Durağın önünde durmuş siyah arabayı izlemeye başladım. Durakta sadece ben oturduğumdam bir tırsmadım değil şimdi. Gelen korna sesiyle yerimde zıpladım. Sikmeseler bari.

"Chifuyu, benim ulan."
"B-Baji-san?!"
"Arabaya binecek misin? Yoksa böyle bekleyelim mi?"

Arabanın camından bana ters bakışlar atan Baji-san'a mal mal baktım. Arabanın içinde kimse yok gibi gözüküyordu. Kavga falan mı istiyordu da bana sataşıyordu? Hayır, görüşmeyeli uzun zaman oldu falan hani? Ben onun sevgilisi yüzünden gittim falan hani? Söyleyeceği ilk şey bu muydu gerçekten? Ne kadar da Baji-san'lık. Hayvan herif.

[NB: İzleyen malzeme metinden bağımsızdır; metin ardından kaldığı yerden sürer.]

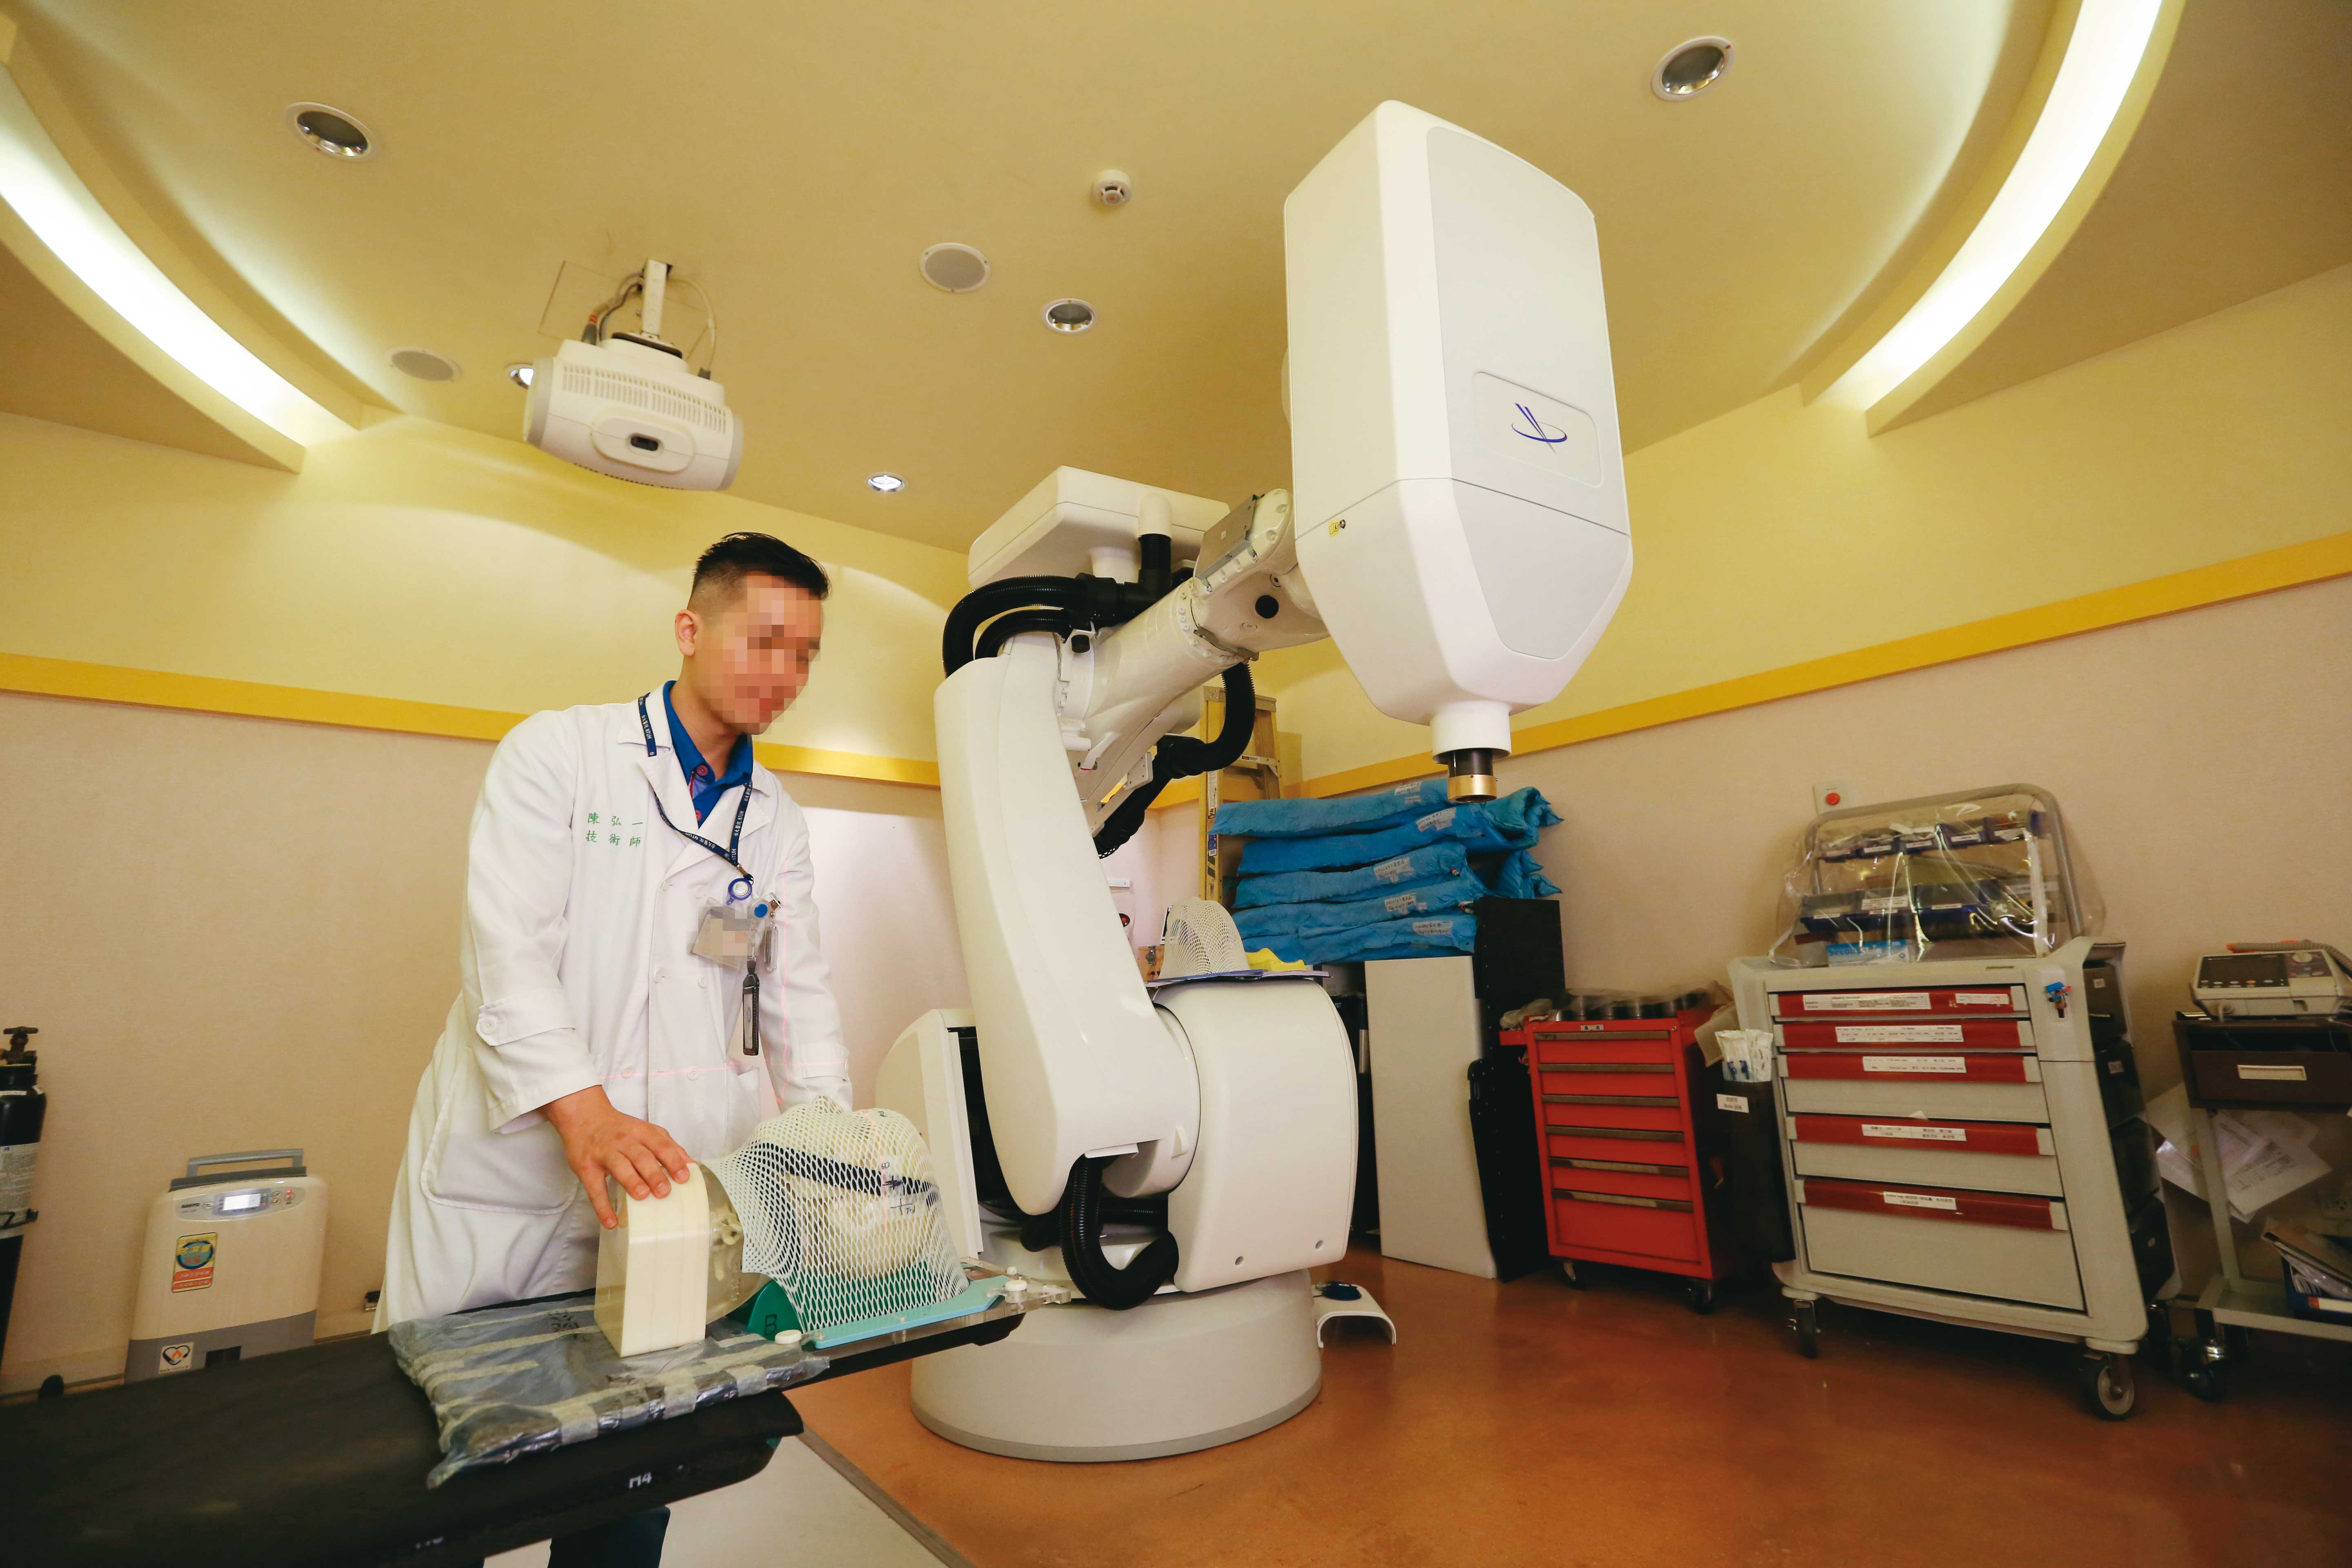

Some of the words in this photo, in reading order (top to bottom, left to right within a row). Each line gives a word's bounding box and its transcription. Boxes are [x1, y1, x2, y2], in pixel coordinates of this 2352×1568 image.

"Neye bakıyorsun Chifuyu?"
"Tek başına mısınız?"
"Kazutora ile aynı yönde oturduklarından beraber gittiler."
"Teşekkürler o zaman?"
"He Chifuyu. Bin artık."

Ben diyorum. Bu herif duyarsız hayvanın teki. Gerçekten. Sabır dilercesine arabanın kapısını hızlıca açtığımda içten içe Baji-san ile baş başa zaman geçireceğim için heyecanlı ve mutluydum.

"Chifuyu."
"Efendim Baji-san?"
"Hazır erişte."
"He?"
"Yer miyiz?"
"..."
"Aç değil misin? Sakın bana o küçücük pasta dilimiyle doyduğunu söyleme?"
"Yerim Baji-san. Yerim."
"..."
"..."

Ortamı yeninden derin bir sessizlik kaplarken dışarıyı izlemeye kaldığım yerden devam etmiştim. Yani daha çok cama görüntüsü yansıyan Baji-san'ı. Bu rahatsız edici sessizliği bozan şey ise Baji-san'ın bana tekrardan seslenmesiydi.

"Chifuyu."
"Hm?"
"Bölüşürüz de değil mi?"
"Bölüşürüz Baji-san..."

Aklıma gelen anıyla hafif gülümsedim. İlk tanıştığımız zamanlara benziyordu. Tek farkı o zamanlar ortada kırık bir kalp yoktu. Güzel zamanlardı.

{Flashback}

Önümde yatan serserilere baktım, bir de karşımdaki inek öğrenci taklidi yapan Baji denen çocuğa. Bu kadar iyi dövüşmesini asla beklemiyordum.

"Chifuyu."
"Evet?"
"Hazır erişte sever misin?"
"E-evet?"
"Bizim evde bir tane kalmış olmalı. Bölüşür müyüz?"
"Bölüşürüz..."

Komşu olduğumuzu dün aynı yoldan gidince öğrenmiştim. Eğer hazır erişte yiyeceksek, onlara gitmektense bize gitmek daha yararlıydı. Evde fazladan erişte vardı çünkü. Ama yine de bir şey demedim. Beraber bir erişteyi paylaşma fikri kalbimi bir hoş yapmıştı çünkü.

{Flashback}

"Chifuyu, geldik."
"Tamam..."

Ne kadar da masumdum ama o zamanlar. Daha Baji-san'a aşık olduğumu anlamayı bırak aşkın ne olduğunu bile bilmiyordum o zamanlar. Tek isteğim masumca Baji-san'ı takip etmekti. Sadece endişelendiğim, aynı zamanda da saygı duyduğum biriydi benim için Baji-san. Güzel zamanlardı.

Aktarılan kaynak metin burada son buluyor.